Maka dari itu, inilah pentingnya bukti sejarah. Bukti sejarah dalam tahap penyusunan sejarah dinamai sebagai langkah heuristik. Bukti sejarah yang paling ideal dan dapat dipercaya dengan utuh adalah sumber primer, yaitu bukti yang sezaman dengan peristiwa sejarah.

Setelah bukti atau sumber itu ditemukan, penutur sejarah baru boleh mengolahnya dengan melakukan verifikasi dan interpretasi. Verifikasi berarti menentukan keotentikan sebuah sumber yang sudah diperoleh. Interpretasi adalah usaha untuk menafsirkan apa yang didapat dari sumber yang sudah ditentukan keasliannya tersebut.

Setelahnya, sejarawan baru bisa menuliskan hasil interpretasinya. Langkah yang terakhir ini disebut sebagai historiografi. Di sinilah sejarah bisa dikisahkan, dituturkan, dan dipahami sebagai sebuah kebenaran subjektif. Sejarah memang tidak bisa objektif karena sangat bergantung pada siapa yang menulis dan kapan sejarah itu ditulis.

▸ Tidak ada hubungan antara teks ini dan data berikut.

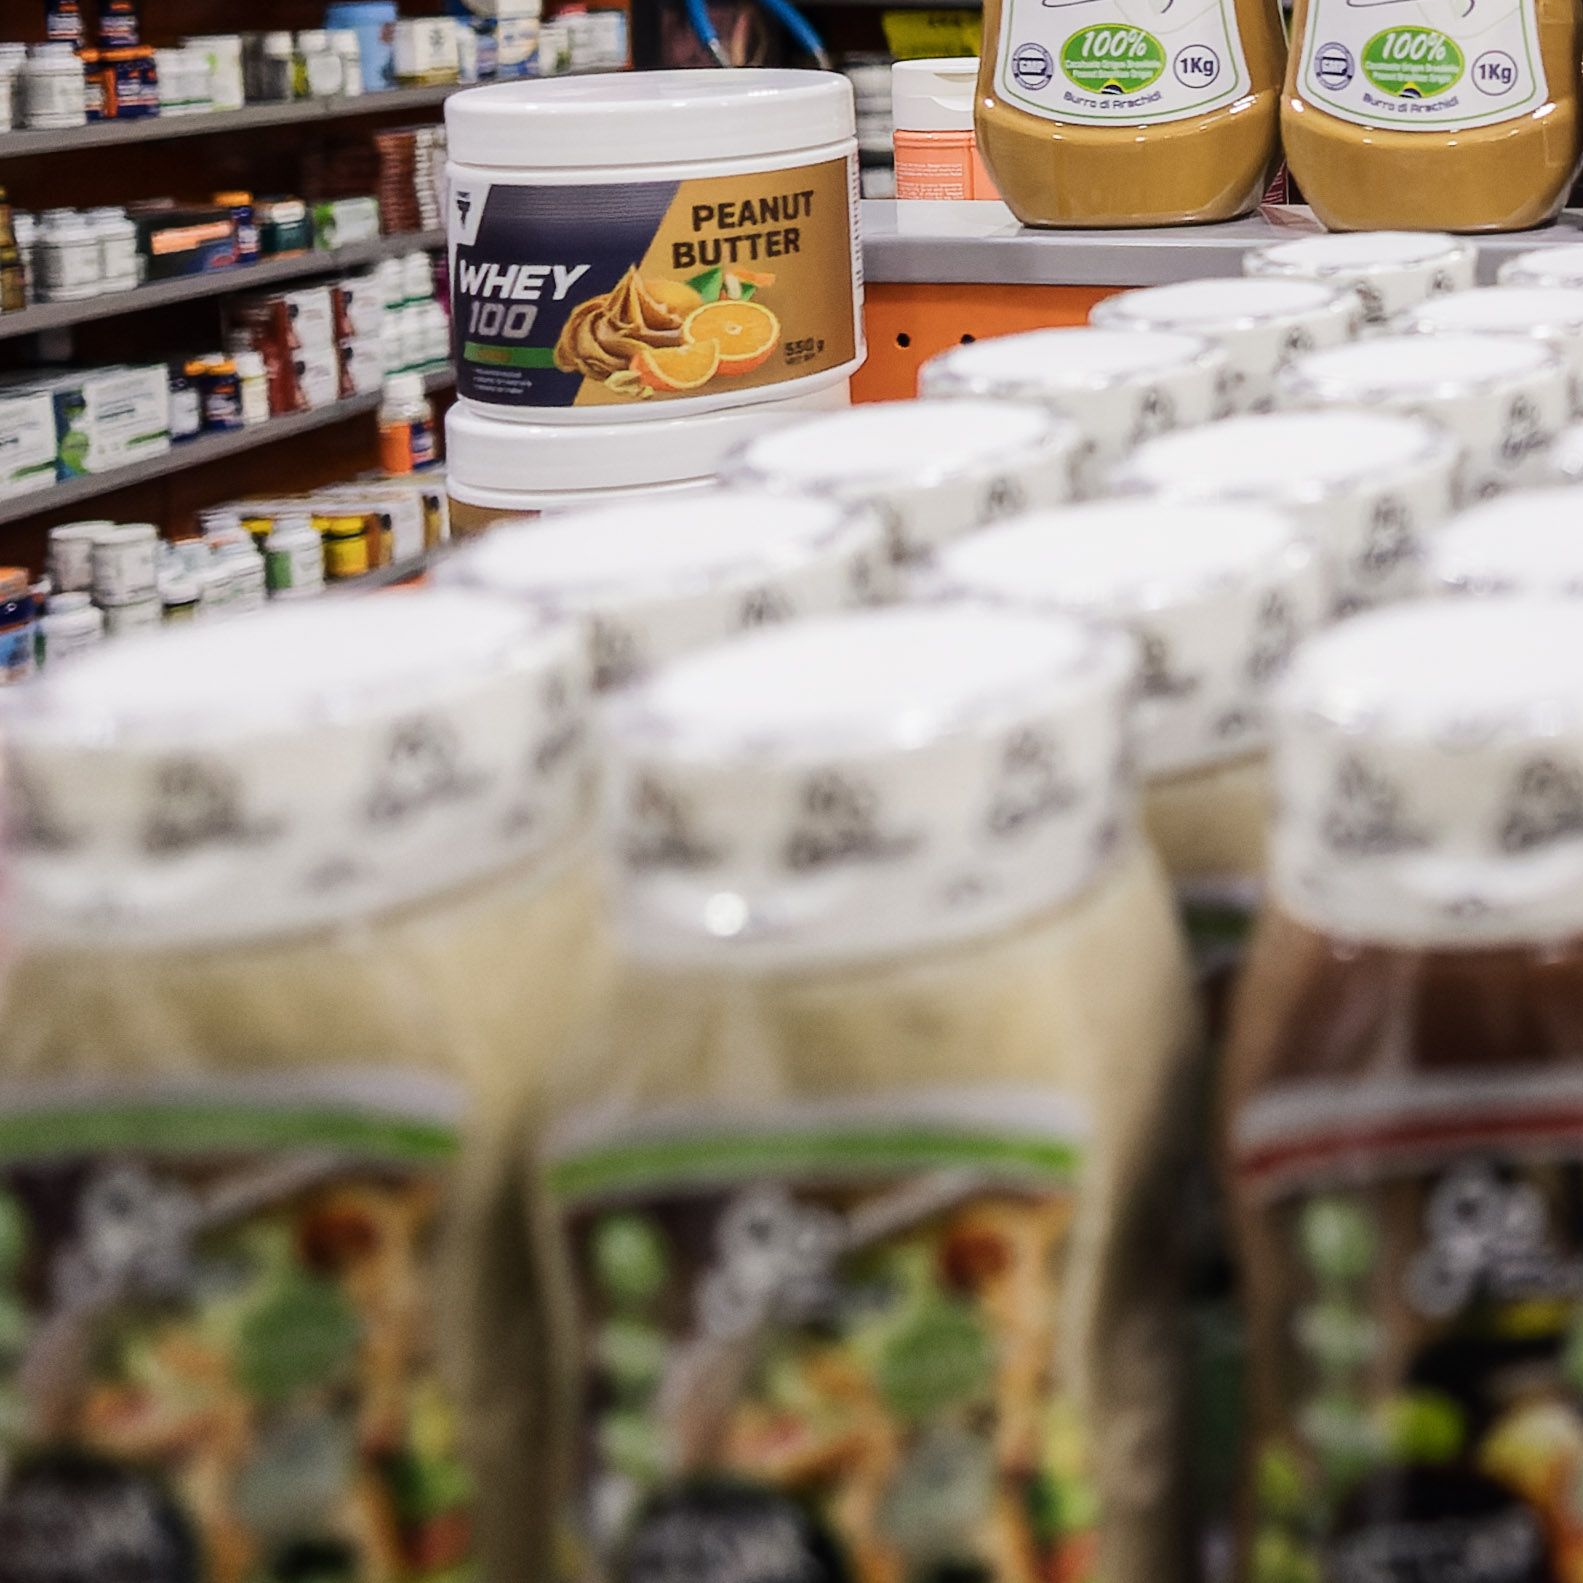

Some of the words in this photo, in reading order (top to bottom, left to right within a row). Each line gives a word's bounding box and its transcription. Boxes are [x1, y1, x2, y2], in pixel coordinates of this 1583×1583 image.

[1081, 30, 1147, 57] 100%
[1382, 32, 1446, 61] 100%
[1180, 57, 1214, 77] 1Kg
[1479, 63, 1512, 84] 1Kg
[692, 190, 814, 232] PEANUT
[672, 227, 800, 269] BUTTER
[460, 260, 591, 300] WHEY
[468, 302, 537, 338] 100

Namun, setidak-objektifnya sejarah, sejarah adalah cerita yang sudah disusun dengan cara-cara di atas. Sejarah tidak bisa ditulis asal-asalan tanpa bukti yang jelas dan tanpa langkah yang tidak terukur. Jika Anda bilang kalau sejarah yang dikisahkan oleh orang di luar akademisi adalah benar dan tidak perlu menggunakan metode akademik, maka Anda salah! Sejarah yang tidak disusun berdasarkan metodologi akademik bukanlah sejarah sejarah! Itu hanya cerita rakyat.

Masalahnya, video-video sejarah yang saat ini tersebar di Youtube sedikit sekali yang menggunakan cara-cara di atas sebagai langkah untuk menyusun narasi mereka. Hal itu diperparah dengan jumlah penonton yang sangat membludak, dari ratusan ribu sampai jutaan orang. Tentu ini bukanlah kabar baik bagi para sejarawan.

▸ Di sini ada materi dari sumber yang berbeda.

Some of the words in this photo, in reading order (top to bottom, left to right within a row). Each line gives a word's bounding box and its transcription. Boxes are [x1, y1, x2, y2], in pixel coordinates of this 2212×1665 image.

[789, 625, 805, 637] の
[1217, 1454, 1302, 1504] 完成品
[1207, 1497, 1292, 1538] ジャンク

Ada banyak sekali contoh konten yang tak bisa ditemukan buktinya. Mulai dari pembahasan tentang klaim kerajaan tertua di Indonesia yaitu Salakanagara, kisah Sabdo Palon dan Naya Genggong, sampai pada Nyi Roro Kidul yang eksistensinya dianggap benar-benar nyata. Semua itu adalah isu-isu yang sampai sekarang masih belum bisa dibuktikan kebenarannya. Kalaupun ada peninggalan yang 'dianggap' menguatkan, data-data itu sangatlah lemah.

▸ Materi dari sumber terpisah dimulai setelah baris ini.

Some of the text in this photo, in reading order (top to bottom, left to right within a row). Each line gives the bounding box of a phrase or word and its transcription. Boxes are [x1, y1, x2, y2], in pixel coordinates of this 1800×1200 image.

Hal yang juga sangat menjengkelkan adalah ketika para konten kreator tersebut menggunakan istilah "tidak pernah diajarkan di sekolah" dan membuat sejarah yang dituturkannya seakan sebuah kebenaran yang ditutup-tutupi oleh para akademisi.

Sikap Sejarawan

Saat para konten kreator non sejarawan memproduksi cerita rakyat "berkedok" sejarah, yang mudah sekali untuk tersebar, di sisi lain para sarjana sejarah sedang duduk di atas singgasana dan bersikap tak acuh terhadap situasi tersebut. Mereka tidak bisa berbuat apa-apa. Mati kutu melawan narasi yang sedang gencar-gencarnya diproduksi oleh cerita rakyat atau mitos yang meresahkan.

Hal ini karena selama belajar, sebagian dari mereka hanya diajari bagaimana cara membaca sejarah dari buku dan menulisnya di atas kertas. Sementara itu, buku hanyalah jendela dunia, tapi alat untuk menguasai dunia saat ini adalah gawai. Para sarjana sejarah sama sekali tak bisa mengoperasikan gawai untuk menyebarkan informasi yang benar. Hanya belajar bagaimana cara bertutur, berdiskusi, dan mendebatkan sebuah peristiwa sejarah dalam ruang lingkup internal saja.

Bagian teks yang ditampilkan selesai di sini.